Later Jean de Dieu forgets to take his medication and begins to act aberrantly. In front of his wife and a room of dignitaries at a public state dinner, he starts to fondle and dance with the maid, prompting her boyfriend, a saxophone player, to leap off the stage where he is performing, only to be shot dead.
Then our Aristide stand-in runs around naked under the moon in the bush surrounding the Citadel, the mountain-top fortress built by Henri Christophe to repel a French invasion, where the parody is entirely set.
(CIA analyst Brian Latell, in concert with conservative North Carolina Senator Jesse Helms, started the later disproved rumor in October 1993 that Aristide was on psychiatric medication and had been treated for mental illness in a Canadian hospital as part of a disinformation campaign aimed at scuttling Aristide’s first projected return to Haiti on Oct. 30, 1993. It is shocking to see Peck resuscitate such calumnies.)
One hapless journalist (Jimmy Jean-Louis), a former friend of the president who wrote an unflattering editorial, is horribly tortured, then gussied up by a makeup artist to be brought to a private candlelight dinner with the president. But the tortured journalist refuses to budge from his principles and denounces the president to his face.
“You are not a monster,” the barely conscious journalist, his face scarred and swollen from torture, tells Jean de Dieu, as Peck would speak to Aristide. “A monster has some majesty. You gave the people hope. You soiled their dream. You wanted to be a prophet. You weren’t even a consistent monster. I would pity you, but I don’t know how.”
The president has his henchmen take the journalist outside and burn him alive with a tire around his neck, From atop the Citadel, Jean de Dieu looks down on the scene, lamenting: “My friend! My brother!”

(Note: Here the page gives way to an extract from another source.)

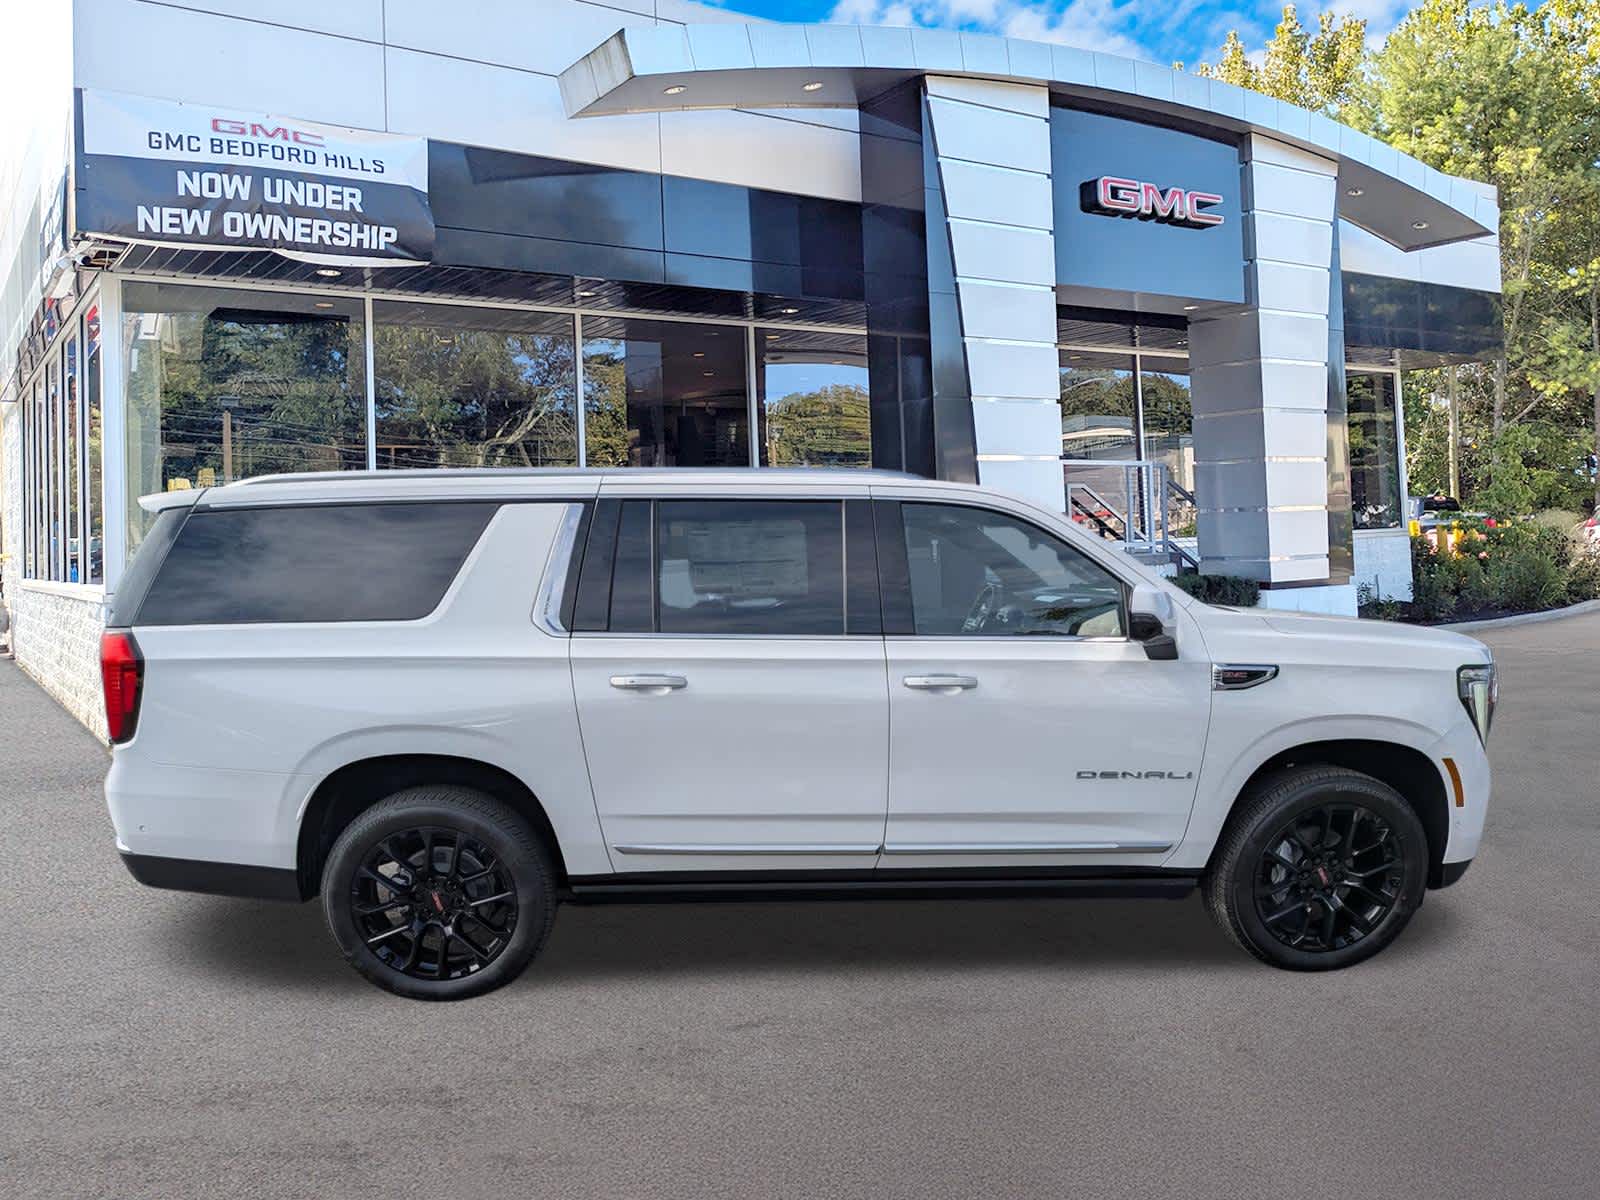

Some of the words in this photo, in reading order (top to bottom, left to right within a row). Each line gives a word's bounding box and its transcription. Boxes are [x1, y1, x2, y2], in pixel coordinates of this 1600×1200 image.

This gives an idea of the director’s light touch in this interminable work of cinematic slander and vengeance.
Peck produced the film himself for about $600,000 so “I could say what I wanted and wouldn’t have to answer to anybody,” he said after the showing. However, it might have been a good idea if someone had helped him apply some brakes to his antipathy towards Aristide.
“I wanted to re-examine, with Shakespearian irony, the tragic and foolish nonsense of the past 40 years,” Peck said after the New York showing. I would argue that the past 40 years has not been “nonsense” at all. On the contrary, the Haitian people have waged a fierce and difficult struggle to uproot one of the hemisphere’s most ruthless dictatorships and hoisted to international prominence a parish priest who, for the first time, in communion with the Haitian people, foiled U.S. election engineering.
Granted, Aristide made plenty of mistakes, everybody agrees on that, even his fiercest partisans. But he certainly does not merit the outrageous portrayal he receives in this film which ultimately blames the two-time victim of US “regime change.”
In the end, the turgid “Moloch Tropical” sadly demeans the overall body of Peck’s work, which includes great films like “Lumumba” (2000) and “Man by the Shore” (1993). The director is now working on a film about the young Karl Marx. One certainly hopes that the result would not induce from Marx, were he alive, the famous exasperated remark Engels reports he made about some of his admirers: “All I know is that I am not a Marxist!”